Dan benar saja ucapan Yuda, Bunda mereka enggak marah, Bunda cuma meriksa apa aja yang Ara beli. Bunda juga cuma nanya Ara beli baju dam make up sebanyak itu dalam rangka apa, setelah itu Bunda justru mengajari Ara make up yang simpel sesuai dengan umur Ara. Bunda cuma enggak ingin, Ara terlihat dewasa dari pada anak seusianya. Apalagi Bunda tahu kalau Ara baru kelas sepuluh.
“Kakak tuh lagi suka sama seseorang yah?” tebak Bunda, waktu Bunda lagi nyisirin rambut Ara di depan meja rias anaknya itu.
“Kelihatan banget yah, Bun?” tanya Ara.
Bunda hanya tersenyum, kemudian duduk di ranjang Ara sembari memperhatikan anaknya itu.
“Sama siapa, Kak?”
“Kakak kelasku, Bun. Mas Yuda juga kenal kok.”
“Namanya?”
Ara tersipu, alih-alih hanya memberitahu nama Yuno. Ara justru mengambil ponselnya dan menunjukkan foto Yuno pada Bunda.
“Namanya Kak Yuno, Bun.”
Bunda memperhatikan foto Yuno, kemudian tersenyum dan mengangguk pelan. “Ganteng, kelihatanya anak baik yah.”
“Baik banget, Bun. Kak Yuno juga gentle banget terus pinter lagi.”
“Oh yah?”
Ara mengangguk pelan, “dia pernah juara 1 O2SN catur, terus di gadang-gadang bakalan jadi ketua osis sama kapten basket juga. Hebat yah. Bunda kalo masih muda kira-kira bakalan suka gak sama Kak Yuno?”
“mungkin..”
Bunda tersenyum, kemudian mengusap pucuk kepala anak perempuan satu-satunya itu.
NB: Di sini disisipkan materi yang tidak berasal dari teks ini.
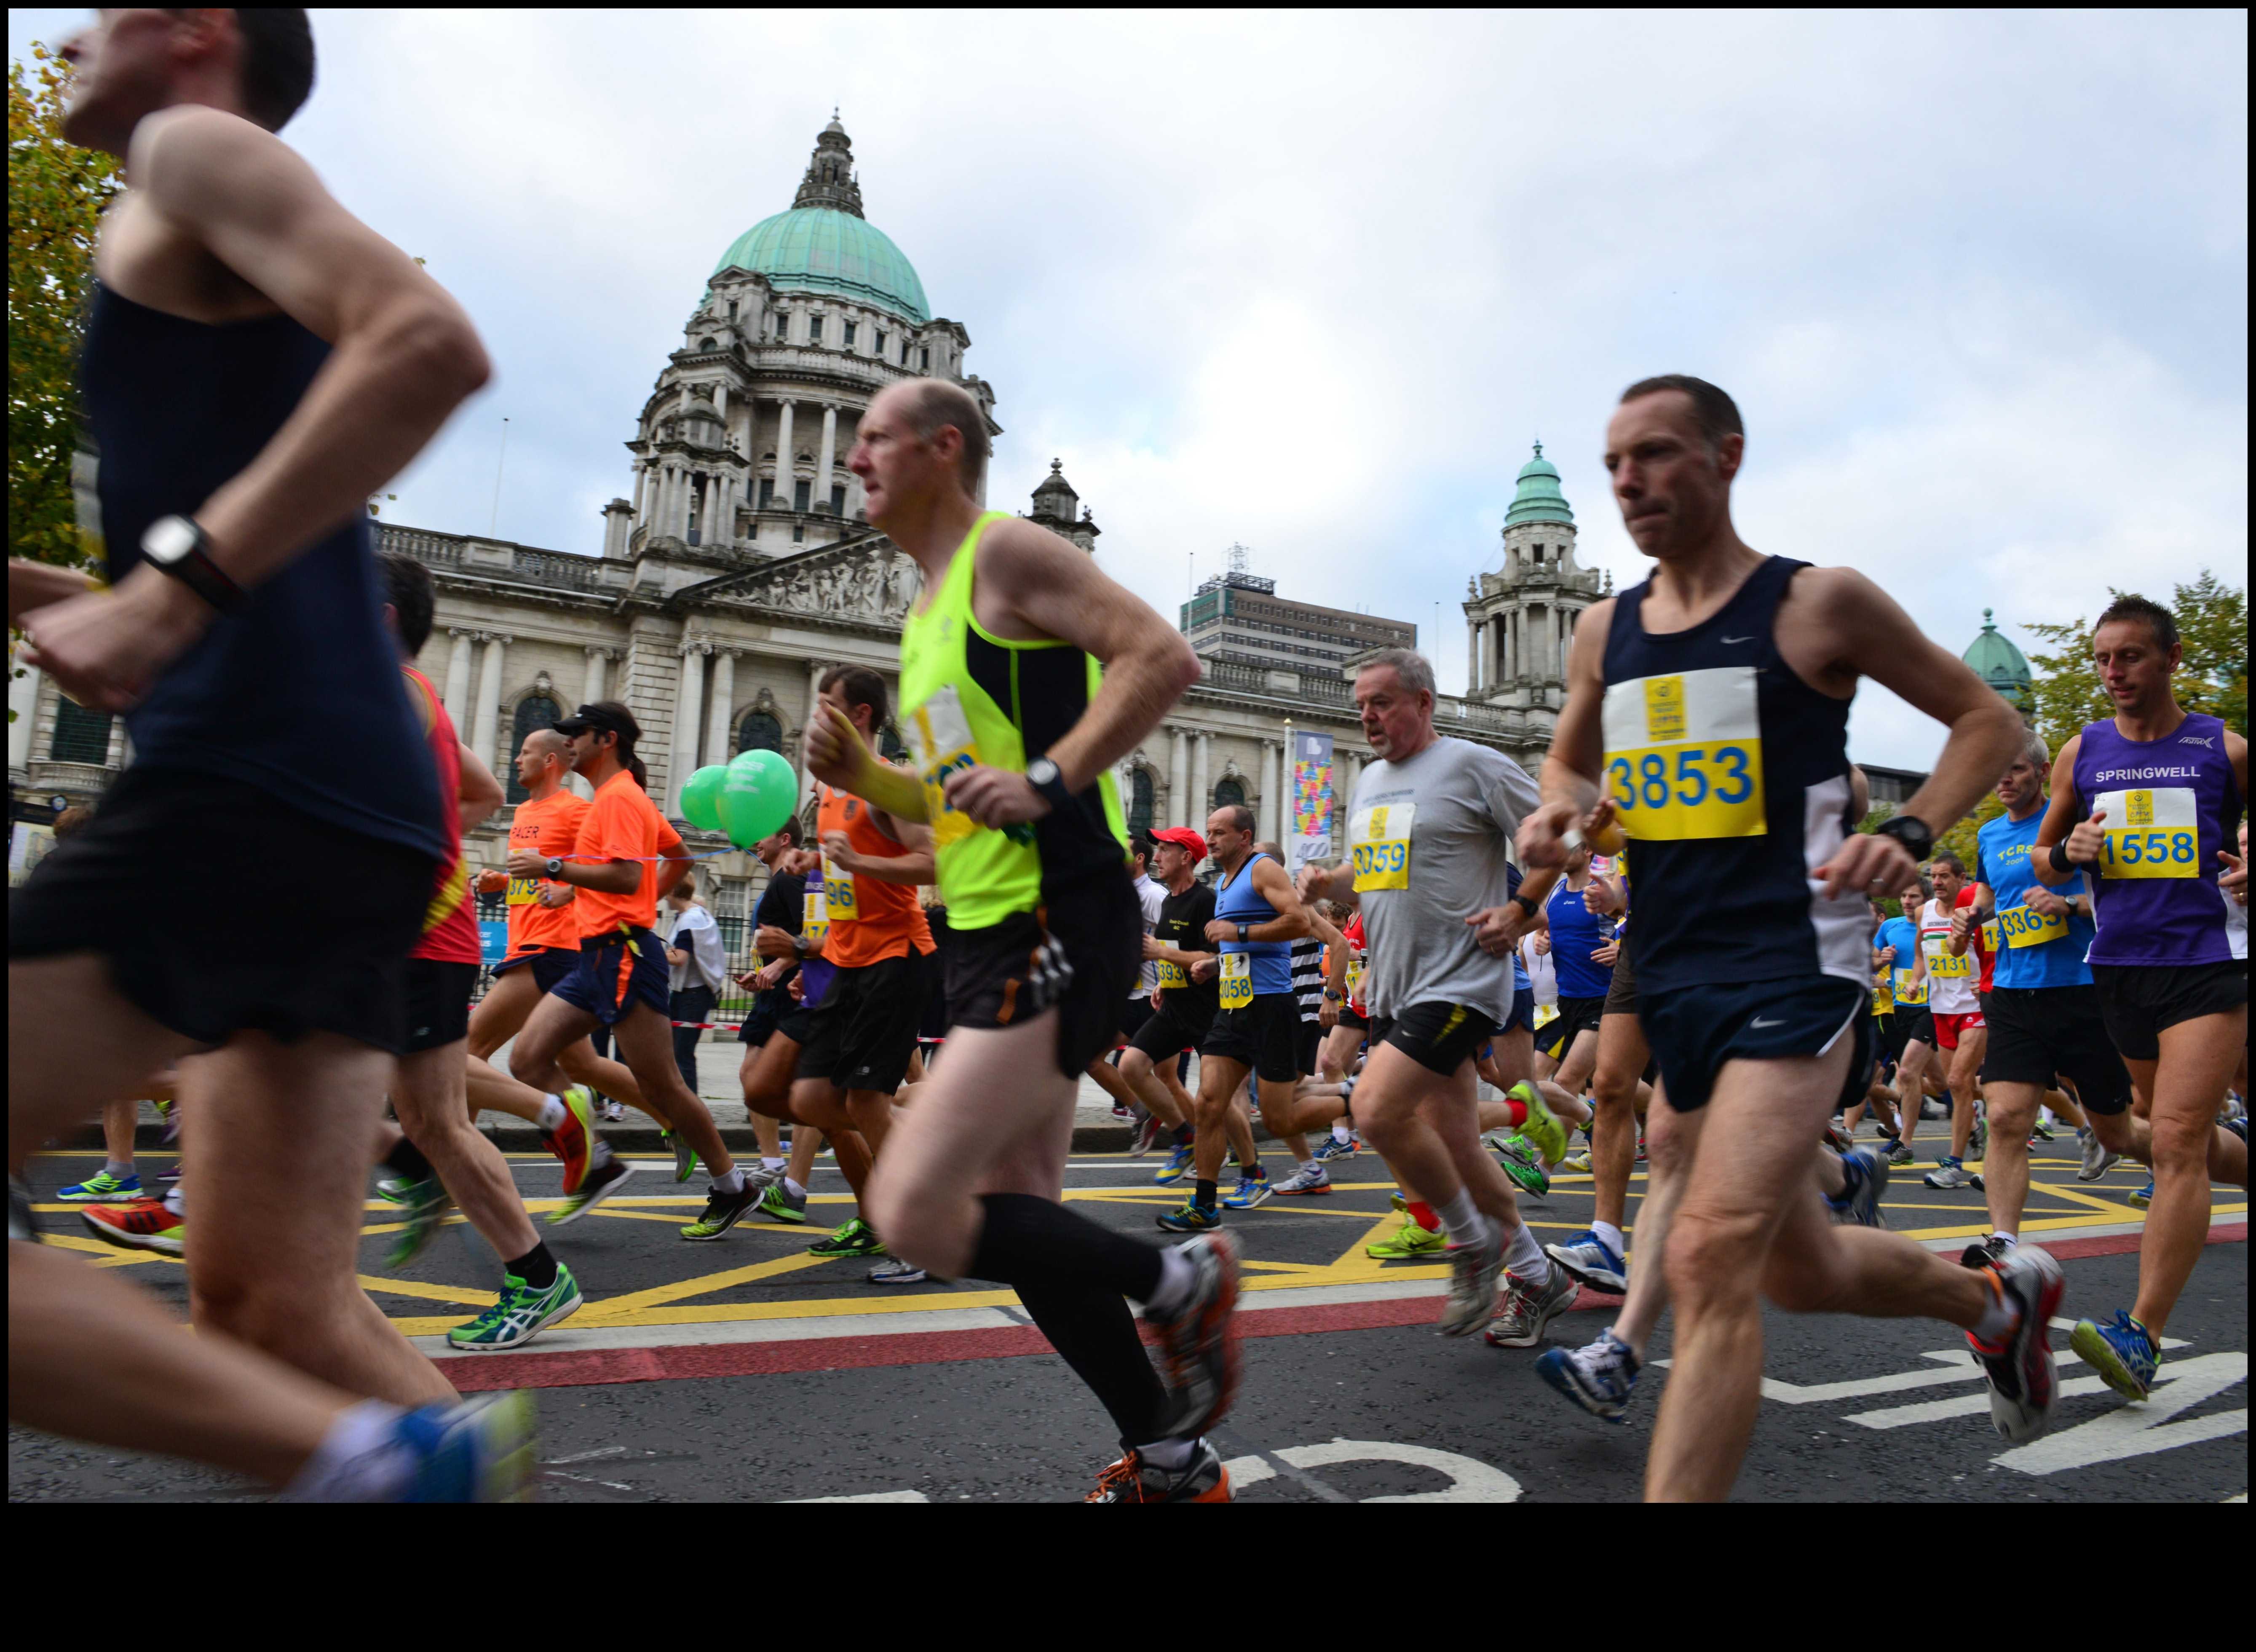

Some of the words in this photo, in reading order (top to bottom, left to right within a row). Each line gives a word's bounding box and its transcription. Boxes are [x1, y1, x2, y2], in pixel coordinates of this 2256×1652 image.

[2178, 736, 2215, 749] FASTRAX
[1609, 746, 1753, 810] 3853
[2095, 766, 2201, 782] SPRINGWELL
[1997, 844, 2034, 861] TCRS
[2104, 833, 2194, 865] 1558
[1354, 842, 1405, 877] 3059
[2006, 857, 2024, 866] 2009
[1160, 964, 1183, 981] 393
[1930, 958, 1967, 971] 2131
[1220, 978, 1251, 998] 3058
[1896, 983, 1924, 998] 341
Ara jarang bercerita kalau enggak di tanya, beda sama Reno yang selalu cerita kesehariannya di sekolah dan di bimbelnya. kalau Yuda, si sulung itu kadang cerita kadang enggak, Yuda itu cuek dan lebih sering bercanda dari pada seriusnya.
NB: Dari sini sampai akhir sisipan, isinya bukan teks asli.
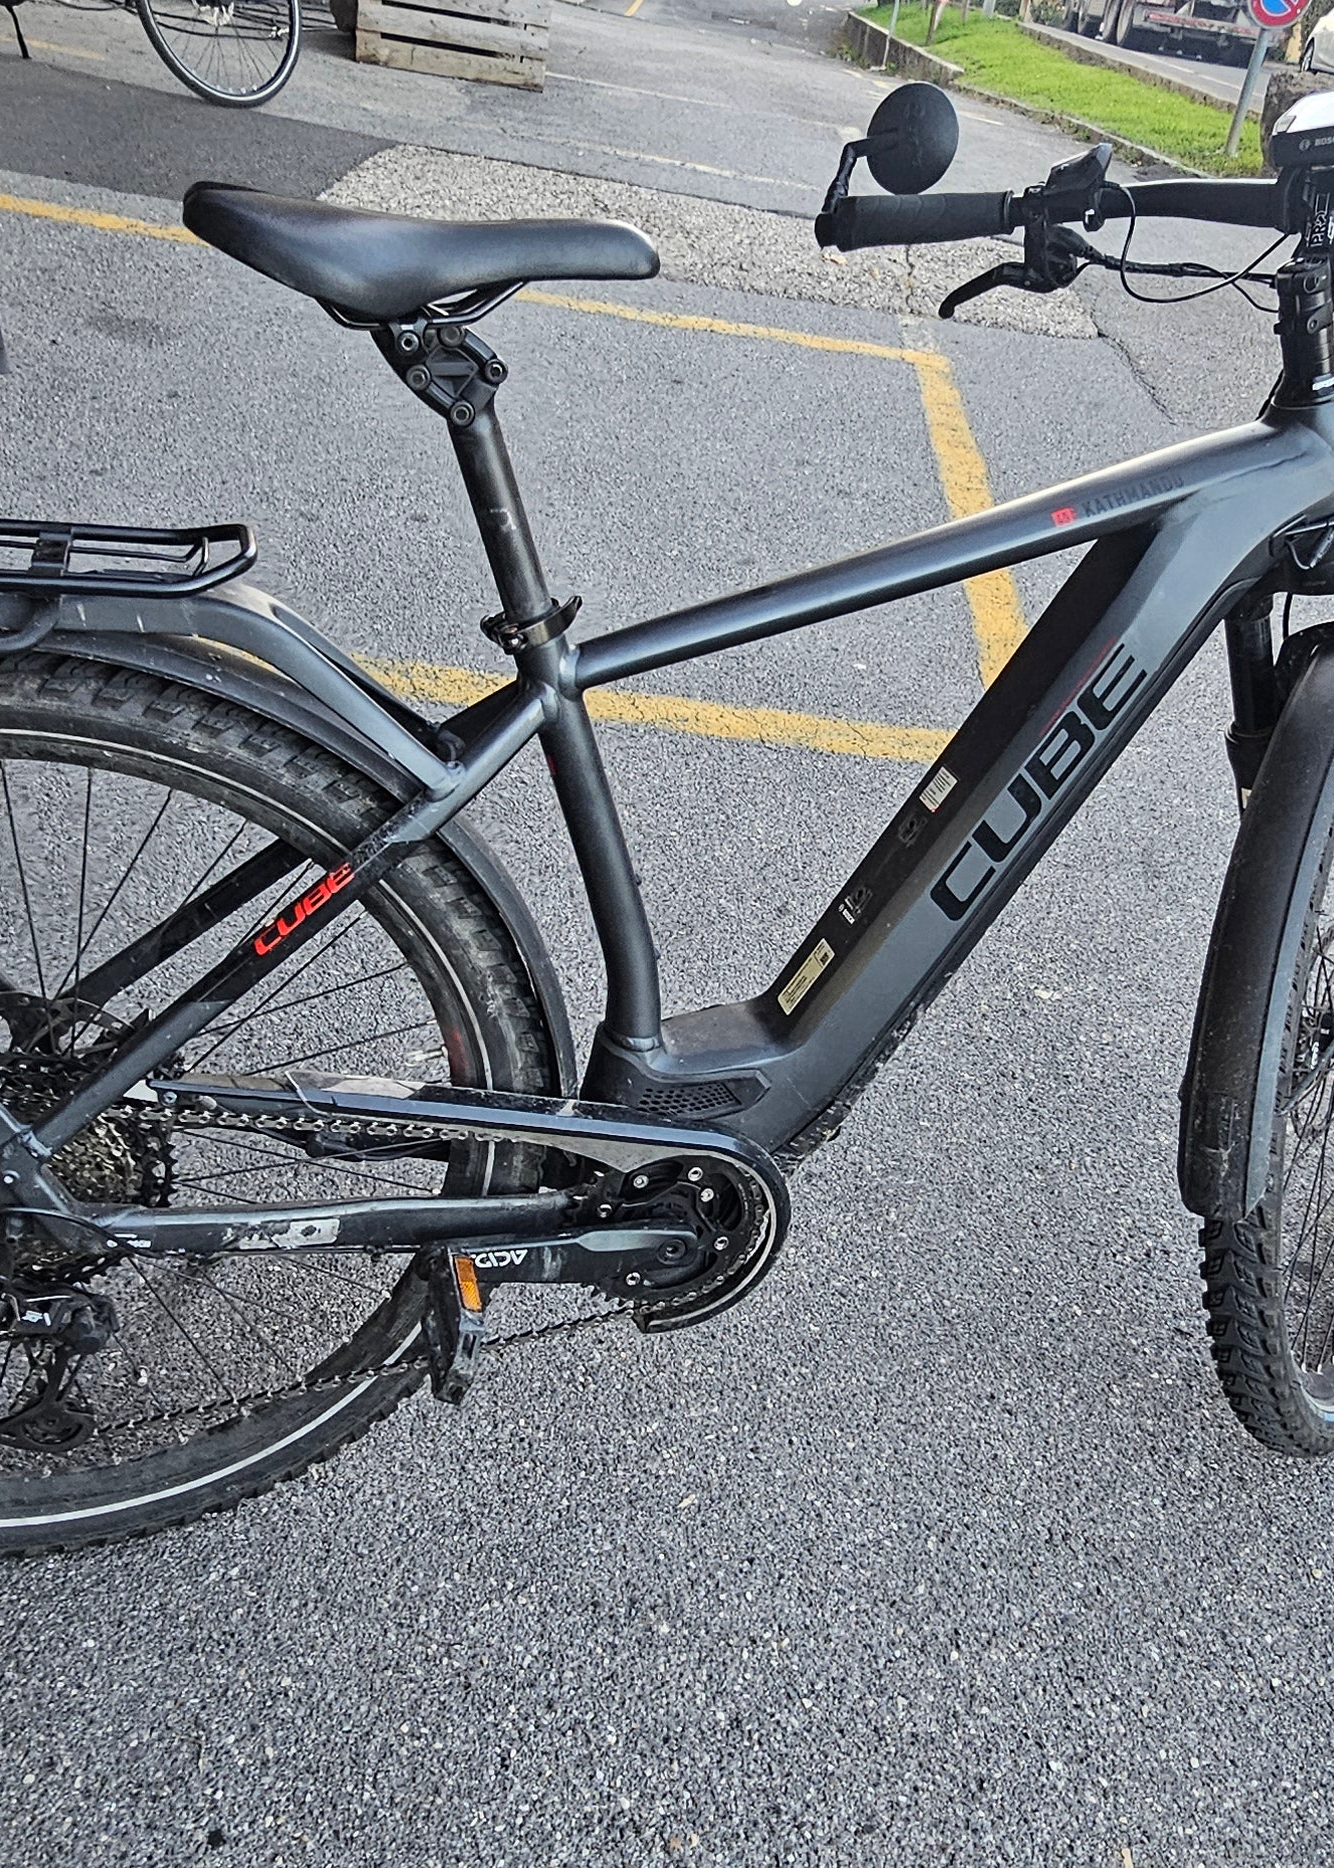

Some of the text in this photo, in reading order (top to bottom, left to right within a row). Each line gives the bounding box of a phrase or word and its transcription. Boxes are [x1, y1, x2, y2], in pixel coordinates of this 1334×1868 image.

[1081, 475, 1185, 518] KATHMANDU
[929, 643, 1148, 921] CUBE
[254, 861, 356, 956] CUBE
“Bunda gak larang Kakak buat suka sama lawan jenis, udah seharusnya. tapi Bunda cuma pesan Kakak harus bisa jaga diri dan yang paling penting,” Bunda menjeda kata-katanya sebentar. “prestasi Kakak di sekolah enggak boleh menurun, paham?”
“SIAP!!!”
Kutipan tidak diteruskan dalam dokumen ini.